El modelo de diferenciación sexual, es la representación de una parte central de la biología humana. Es una construcción intelectual con la que se trata de explicar cómo se origina el sexo en nuestra especie, es decir, cómo se forma en el útero materno un embrión femenino o masculino que dará lugar luego a una mujer o a un hombre. Este modelo tiene como núcleo, la transformación de una estructura embrionaria, la gónada indiferenciada, en ovario o testículo.
En la historia se ha producido un tránsito de las explicaciones surgidas de las disciplinas puramente morfológicas hacia otras como la endocrinología que estudia el papel de secreciones internas en el proceso de diferenciación. Ninguna de ellas tiene al final del siglo la fuerza de la genética. La razón es que esta disciplina ha logrado englobar a las otras; los cromosomas aparecen como los depositarios de una especie de síntesis última de todo proceso biológico. Cada estructura que se forma o cada sustancia con actividad biológica que se libera tienen un determinante genético.
El modelo de diferenciación parte entonces de esta certeza.
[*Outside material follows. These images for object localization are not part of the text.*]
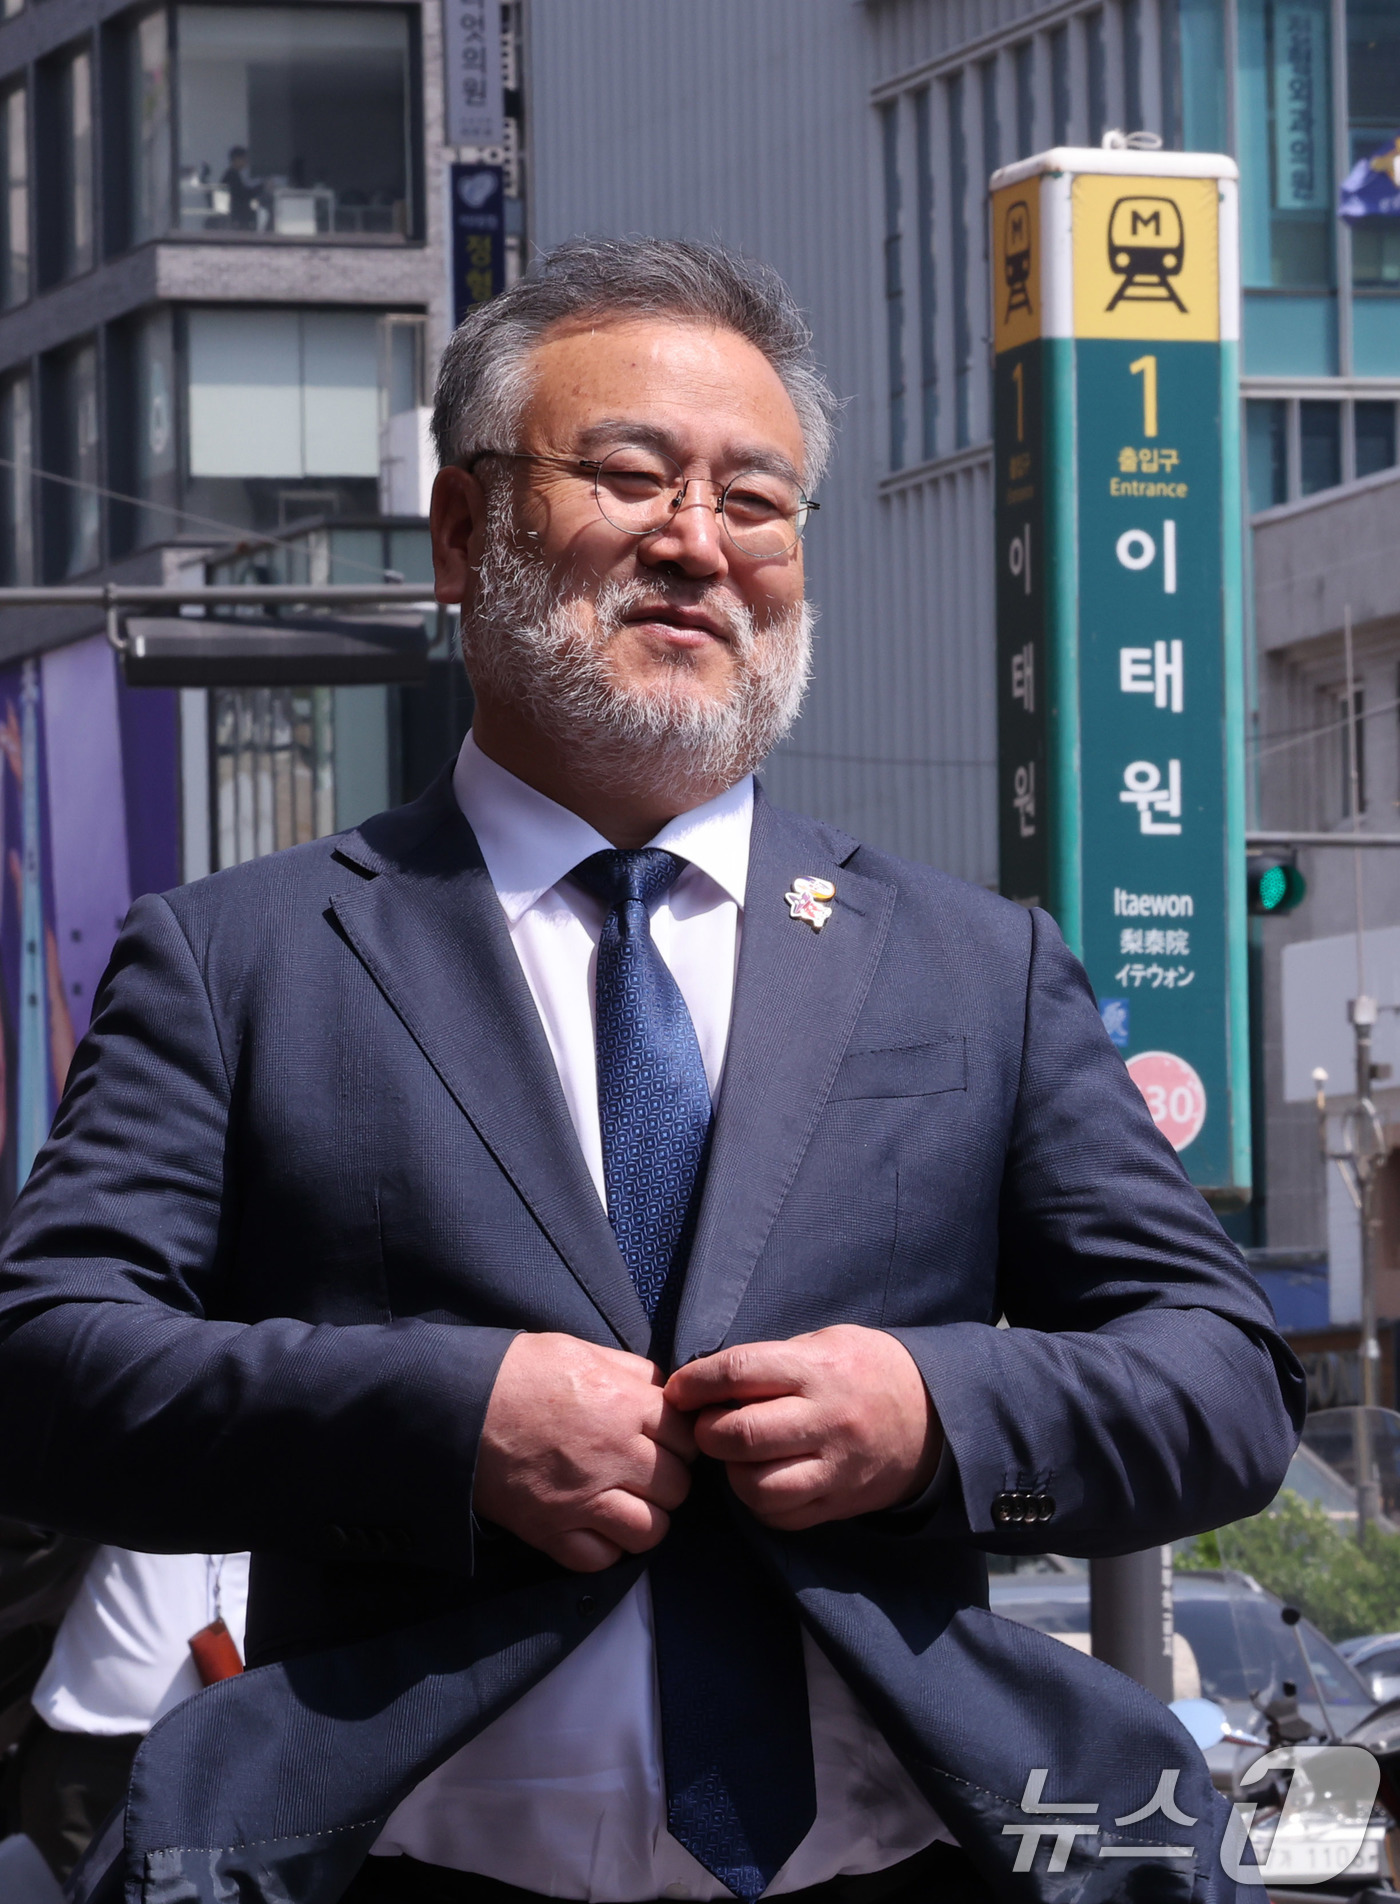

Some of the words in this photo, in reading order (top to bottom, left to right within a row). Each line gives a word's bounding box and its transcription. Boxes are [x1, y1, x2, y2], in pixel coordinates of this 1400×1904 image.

[1011, 362, 1024, 442] 1
[1129, 355, 1158, 438] 1
[1118, 446, 1180, 473] 출입구
[1109, 477, 1189, 498] Entrance
[1009, 522, 1036, 838] 이태원
[1115, 519, 1184, 835] 이태원
[1113, 887, 1194, 917] Itaewon
[1120, 928, 1191, 956] 梨泰院
[1114, 962, 1196, 989] イテウォン
[1146, 1085, 1195, 1124] 30
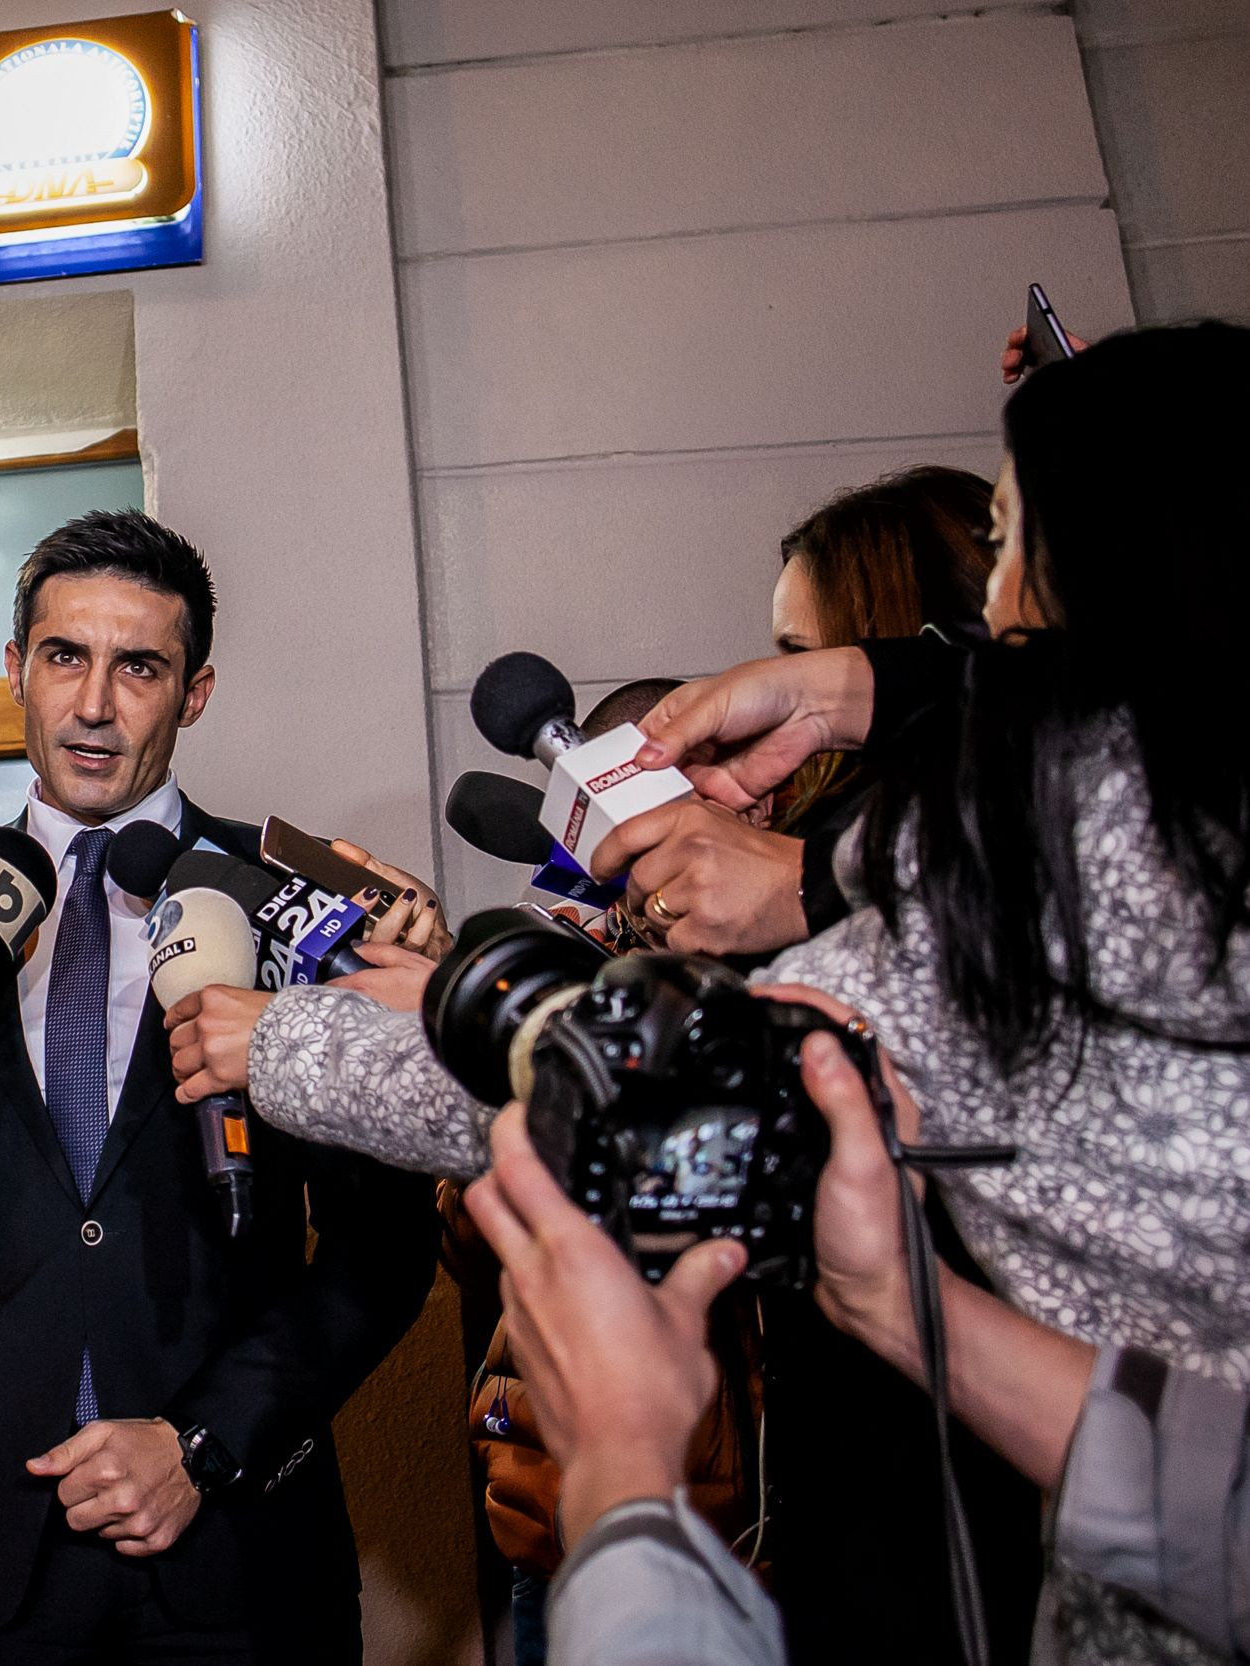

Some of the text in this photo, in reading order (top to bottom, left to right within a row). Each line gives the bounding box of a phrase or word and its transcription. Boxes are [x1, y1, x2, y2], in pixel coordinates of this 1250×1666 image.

[256, 877, 307, 922] DIGI
[277, 888, 349, 946] 24
[319, 918, 342, 938] HD
[183, 939, 194, 951] D
[261, 938, 303, 990] 24
[296, 972, 308, 985] D
El sexo queda determinado desde el momento en que ocurre el intercambio de material genético entre el óvulo y el espermatozoide y surge un embrión a cuyos cromosomas sexuales se les atribuye desde ese momento un sexo. Un embrión masculino es aquel que tiene en sus cromosomas sexuales la combinación XY y un embrión femenino el que tiene XX. El embrión puede ser morfológica y endocrinológicamente bisexual en la etapa indiferenciada (durante las primeras 7 semanas de desarrollo), pero aún en ese momento ya tendría un sexo genético. La genética proporcionaría pues la primera evidencia del sexo en los humanos.
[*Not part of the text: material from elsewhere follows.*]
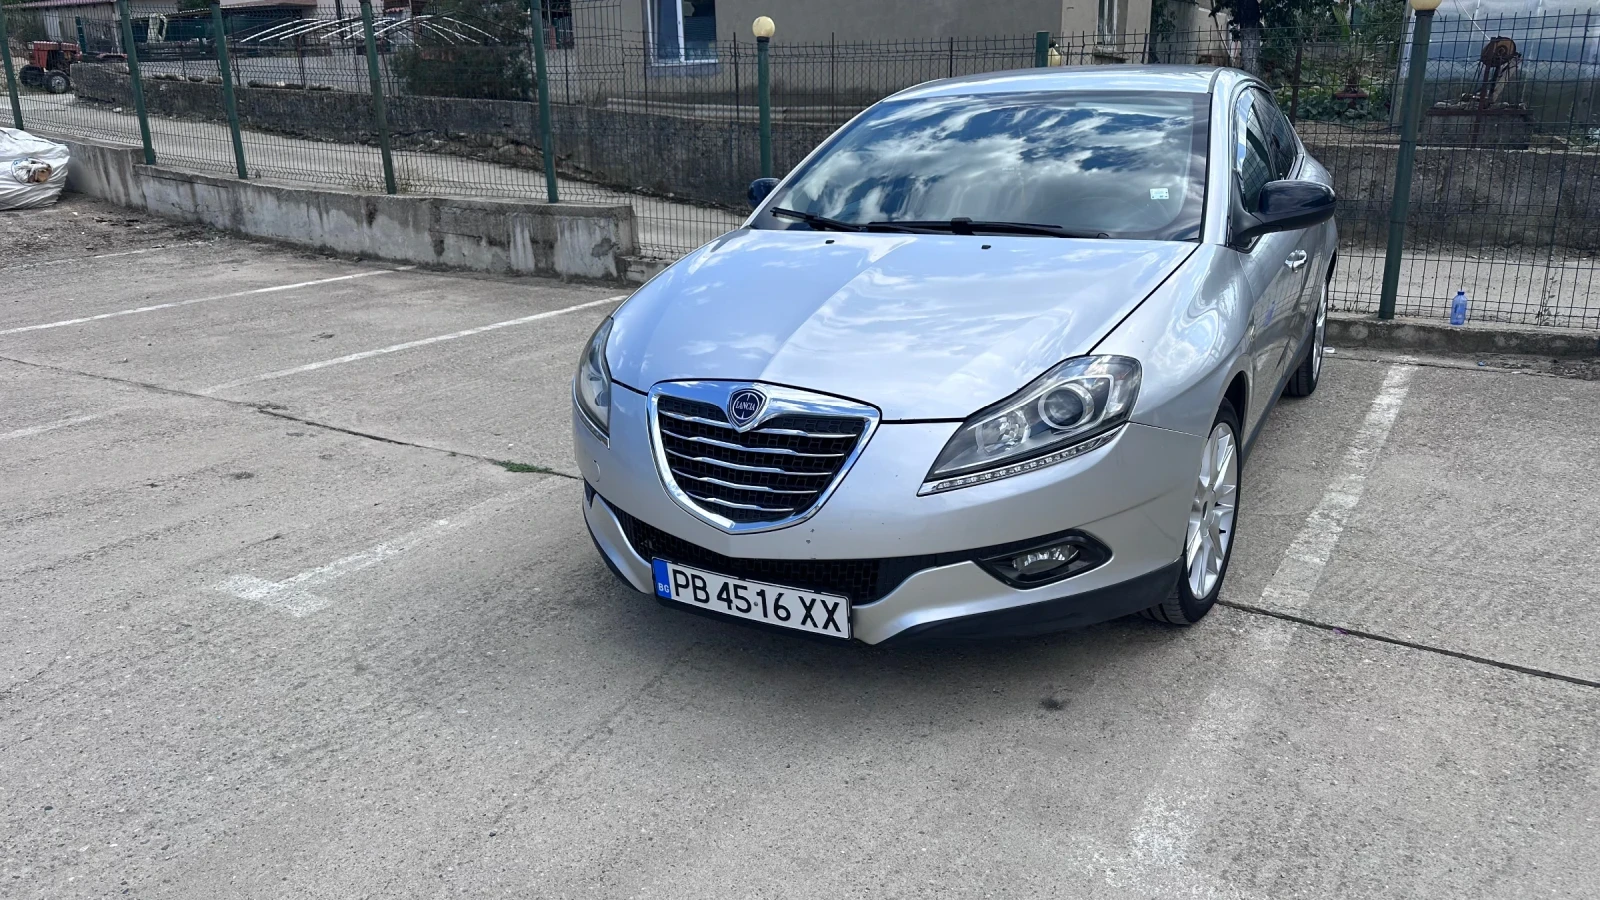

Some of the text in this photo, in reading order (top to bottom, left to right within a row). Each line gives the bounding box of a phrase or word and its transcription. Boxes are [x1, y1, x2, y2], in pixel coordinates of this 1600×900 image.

[735, 401, 756, 412] LANCIA
[658, 582, 670, 593] BG
[672, 568, 710, 604] PB
[798, 595, 842, 633] XX
Hay un nexo importante entre las explicaciones surgidas de la ciencia y las creencias que se generalizan en nuestras sociedades. La irrupción de la genética se ha convertido en la certeza de que el sexo radica en los genes y que una mujer es el resultado de una combinación de 44 autosomas y dos cromosomas sexuales específicos 46, XX; mientras que un hombre sería un 46, XY y punto. Pero la cosa no es tan simple. Muy pronto ante problemas prácticos como la determinación del sexo en sujetos ambiguos, se tuvo que ubicar a la genética como un criterio, junto con muchos otros, para definir el sexo. Pero no solo ésto, los propios progresos en el estudio de la diferenciación sexual desde la propia genética, muestran que es difícil llegar a tales generalizaciones.
La creencia extendida de que una mujer es siempre 46, XX se derrumba ante los casos en los cuales falta un cromosoma sexual, por ejemplo, existe una entidad conocida como monosomía X en la que los sujetos son 45, X.